---------- STUDY MATERIAL

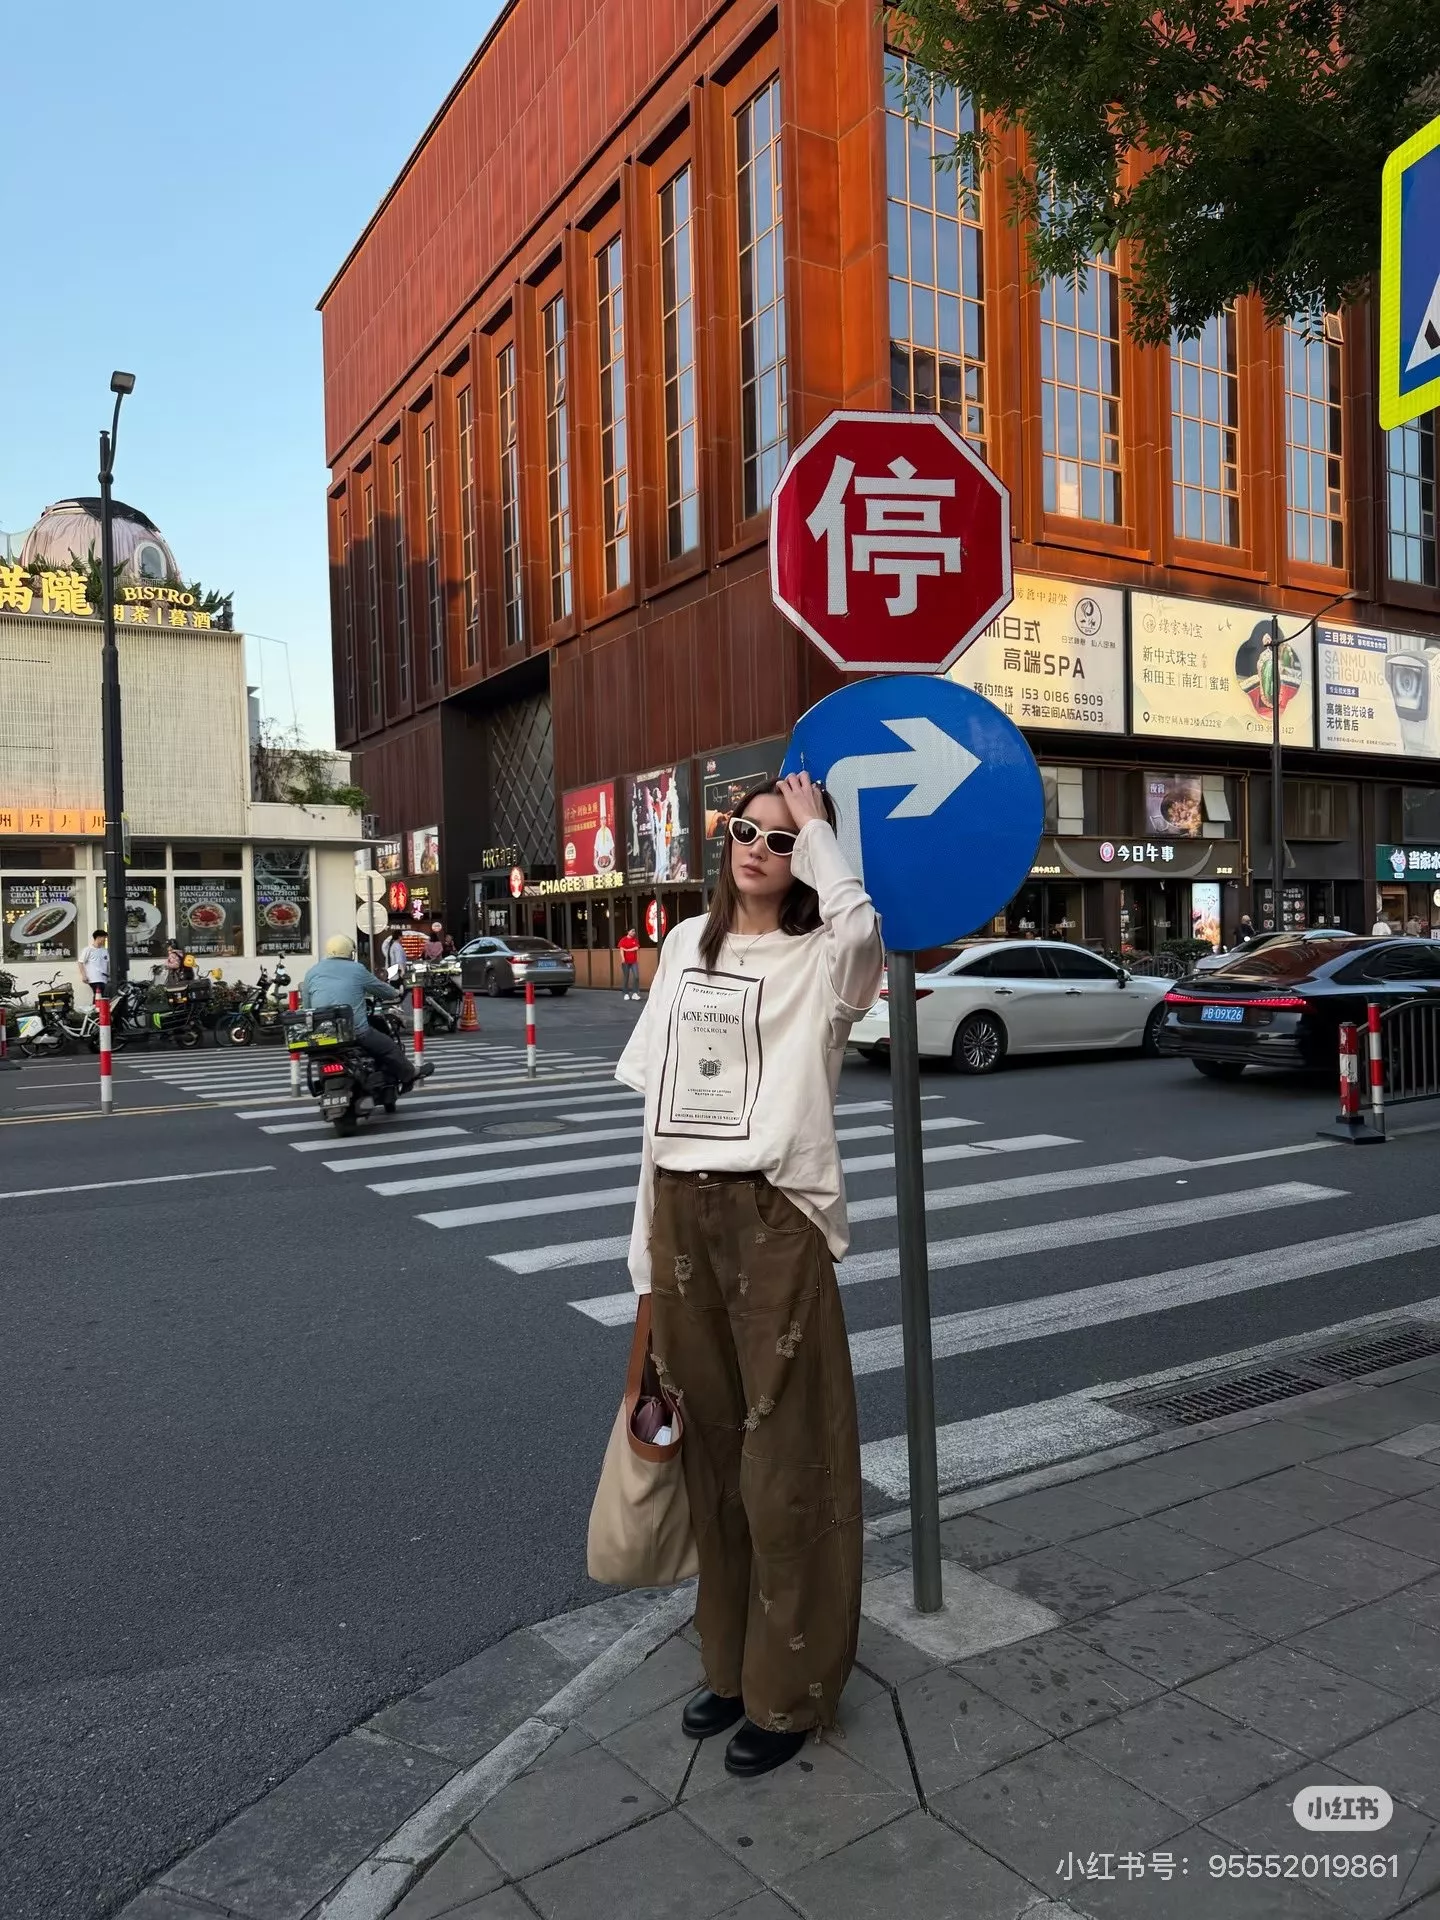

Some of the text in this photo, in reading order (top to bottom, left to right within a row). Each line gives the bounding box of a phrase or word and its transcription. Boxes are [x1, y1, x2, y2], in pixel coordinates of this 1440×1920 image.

[805, 455, 961, 616] 停
[122, 586, 195, 606] BISTRO
[1324, 631, 1355, 646] 三目视光
[1003, 648, 1085, 680] 高端SPA
[1143, 646, 1197, 667] 新中式珠宝
[1325, 650, 1366, 669] SANMU
[1325, 665, 1385, 686] SHIGUANG
[1022, 688, 1039, 700] 153
[1044, 690, 1069, 703] 0186
[1074, 693, 1104, 707] 6909
[1326, 703, 1375, 719] 高端验光设备
[1326, 717, 1359, 731] 无忧售后
[1117, 843, 1174, 862] 今日牛事
[540, 878, 581, 896] CHAGEE
[681, 1011, 740, 1025] ACNE STUDIOS
[693, 1026, 727, 1034] STOCKHOLM

--------------------

__TASK TO COMPLETE__.
Pictures in the records above are left out; print everything else exactly as written.

__EXERCISE OUTPUT__.
Some of the text in this photo, in reading order (top to bottom, left to right within a row). Each line gives the bounding box of a phrase or word and its transcription. Boxes are [x1, y1, x2, y2], in pixel coordinates of this 1440×1920 image.

[805, 455, 961, 616] 停
[122, 586, 195, 606] BISTRO
[1324, 631, 1355, 646] 三目视光
[1003, 648, 1085, 680] 高端SPA
[1143, 646, 1197, 667] 新中式珠宝
[1325, 650, 1366, 669] SANMU
[1325, 665, 1385, 686] SHIGUANG
[1022, 688, 1039, 700] 153
[1044, 690, 1069, 703] 0186
[1074, 693, 1104, 707] 6909
[1326, 703, 1375, 719] 高端验光设备
[1326, 717, 1359, 731] 无忧售后
[1117, 843, 1174, 862] 今日牛事
[540, 878, 581, 896] CHAGEE
[681, 1011, 740, 1025] ACNE STUDIOS
[693, 1026, 727, 1034] STOCKHOLM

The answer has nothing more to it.